Below you can find this weeks Message. Click here to find the whole worship sheet.
Message
John 15:12-17
On this Remembrance Sunday we hear again the words Jesus says to his
friends – “my command is this: Love each other as I have loved you. Greater
love has no one than this: to lay down one’s life for one’s friends.”
The greatest love is defined here for us – this most important kind of love is
to lay down one’s life for one’s friends.
We remember with gratitude all those whose deaths were in some way
connected with ‘battles’ against our enemies. But some will question – did
those who die really lay down their life or was it just taken from them? Does
their death still express this ‘great love’ that Jesus commended, if they didn’t
actually choose to die? Was this loss of life really worth it?

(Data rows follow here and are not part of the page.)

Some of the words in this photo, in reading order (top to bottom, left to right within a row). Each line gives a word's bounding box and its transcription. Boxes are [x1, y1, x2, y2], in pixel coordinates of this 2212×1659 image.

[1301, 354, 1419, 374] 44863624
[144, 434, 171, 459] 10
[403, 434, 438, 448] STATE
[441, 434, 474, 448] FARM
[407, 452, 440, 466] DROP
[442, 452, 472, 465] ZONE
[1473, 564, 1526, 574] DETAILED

Listen to some reflections* on this question after a visit to Tyne Cot Cemetery
from an 18-year-old recruit, graduating from Basic Training in 2019
“I wasn’t sure what to expect of Exercise Valiant Eagle. We were told
that no part of the exercise – from home soil to the Ypres Salient, near
Passchendaele in Belgium – was unimportant. Every part tells the story:
of the political situation, use of the military, and the courage of the
serving forces. We were told repeatedly that what we would see would
undoubtedly have an effect on us. I was still on a high from having
graduated from Basic Training, and visiting Tyne Cot Cemetery brought
me back to earth. The graves of 12,000 British soldiers and 35,000
soldiers with no known grave – only their name on a wall. Name after
name: someone’s son, someone’s father, someone’s boyfriend,
someone’s friend… It is all too big to take in. “We were asked to reflect
on the question: ‘Was it all worth it?’ I really don’t know; I don’t have an
answer to that. What I do know is that I am grateful that they were
prepared to stand up for freedom, that which they treasured, and all that
they believed to be true. They wanted to be counted in their
commitment to country, but not counted like this. I want to be counted
like them too, that’s why I joined the Royal Air Force, and that’s why I
think it was important for me to see this and experience why my
commitment is more than words; it’s my life.”

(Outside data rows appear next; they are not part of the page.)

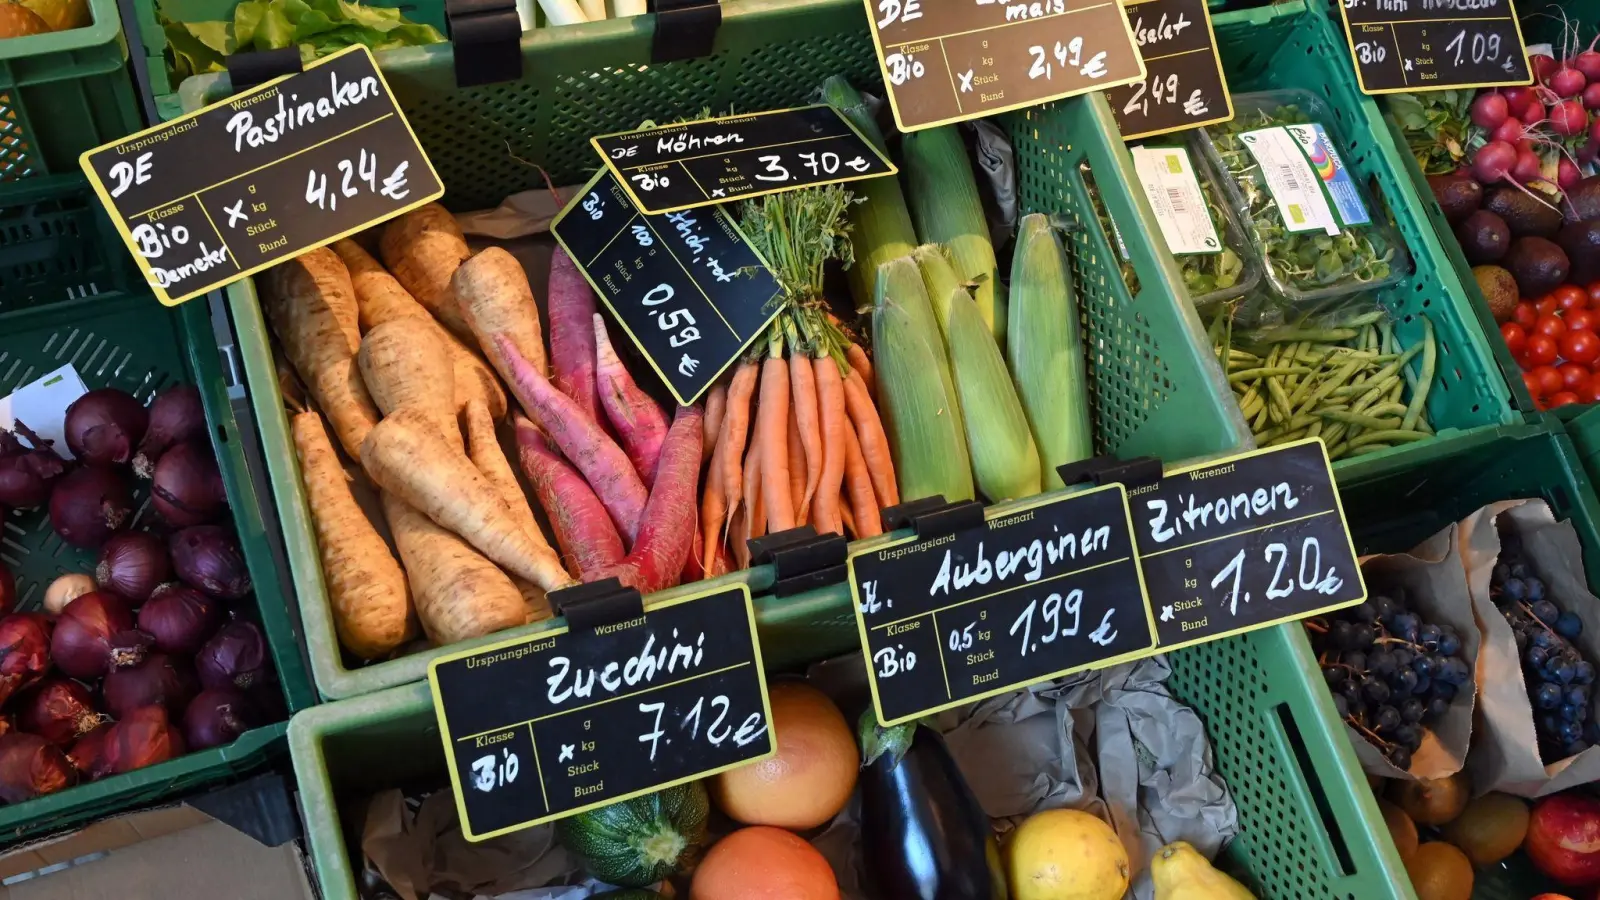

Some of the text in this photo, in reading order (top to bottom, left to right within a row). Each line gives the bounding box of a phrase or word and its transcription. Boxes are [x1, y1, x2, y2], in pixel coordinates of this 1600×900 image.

[877, 0, 924, 30] DE
[1362, 25, 1384, 33] Klasse
[1421, 29, 1427, 37] g
[899, 43, 930, 55] Klasse
[982, 39, 989, 49] g
[1355, 40, 1387, 65] Bio
[1421, 43, 1431, 52] kg
[885, 53, 925, 86] Bio
[982, 56, 994, 67] kg
[1415, 57, 1434, 66] Stück
[973, 74, 1000, 86] Stück
[1420, 72, 1438, 80] Bund
[230, 86, 281, 112] Warenart
[980, 91, 1005, 103] Bund
[226, 71, 379, 152] Pastinaken
[716, 115, 758, 127] Warenart
[116, 118, 199, 155] Ursprungsland
[620, 125, 689, 142] Ursprungsland
[611, 132, 744, 160] DE Möhren
[637, 163, 669, 174] Klasse
[724, 157, 731, 165] g
[725, 165, 738, 174] kg
[109, 152, 154, 198] DE
[632, 173, 670, 191] Bio
[718, 174, 746, 185] Stück
[247, 184, 257, 195] g
[728, 183, 754, 194] Bund
[582, 191, 604, 221] Bio
[609, 186, 630, 210] Klasse
[147, 203, 185, 223] Klasse
[252, 202, 267, 214] kg
[246, 218, 278, 236] Stück
[711, 210, 741, 245] Warenart
[131, 222, 190, 258] Bio
[258, 235, 288, 254] Bund
[631, 224, 657, 257] 100 g
[148, 241, 229, 289] Demeter
[614, 259, 633, 283] Stück
[634, 257, 645, 270] kg
[602, 274, 622, 296] Bund
[1189, 464, 1236, 482] Warenart
[988, 511, 1035, 531] Warenart
[1147, 482, 1299, 543] Zitronen
[879, 533, 956, 562] Ursprungsland
[930, 525, 1111, 596] Auberginen
[1185, 557, 1192, 569] g
[1184, 577, 1198, 589] kg
[1174, 596, 1203, 613] Stück
[980, 609, 987, 620] g
[594, 615, 648, 637] Warenart
[887, 619, 921, 637] Klasse
[1181, 616, 1208, 632] Bund
[949, 621, 991, 652] 0,5 kg
[466, 638, 557, 670] Ursprungsland
[873, 644, 917, 679] Bio
[966, 650, 995, 666] Stück
[546, 627, 705, 704] Zucchini
[972, 669, 1000, 686] Bund
[583, 719, 592, 730] g
[475, 730, 515, 749] Klasse
[581, 739, 596, 753] kg
[469, 748, 519, 793] Bio
[567, 760, 600, 778] Stück
[573, 781, 604, 799] Bund

This recruit was ready to give his life just as so many before him; and for him,
the fact that they were prepared to stand up for what they believed in, was
enough.
When Jesus spoke of life laid down for friends he was speaking about his own
imminent death, which we can look back on and see how it benefitted all of
humanity because he overcame death and enabled people to know that death
is not the end.
Jesus says that those who are his friends - these ones that he died for - are
those chosen by him to bear fruit in their lives as much as in their death. “You
did not choose me, but I chose you and appointed you so that you might go
and bear fruit—fruit that will last” So those who follow Jesus’ example, whose
lives bear fruit because they have seen the way he gave his life and have
been ready to do the same – these are Jesus’ friends.
Jesus says- “You are my friends if you do what I command. …This is my
command: Love each other”. And what his life shows us is that to really love
each other – which includes the work for peace - is hard work – but he is there
in the midst of the agony and pain of it all. Jesus is not only with us when life
is easy and all things work out well, but also in the painful times when
everything is wrong; hanging on the cross he asked his Father “Why have
you forsaken me?” Even Jesus, as he went through the suffering that would
bring an end to death, felt God had abandoned him – but we know that God
the Father had not deserted him, because he then raised his Son to new life.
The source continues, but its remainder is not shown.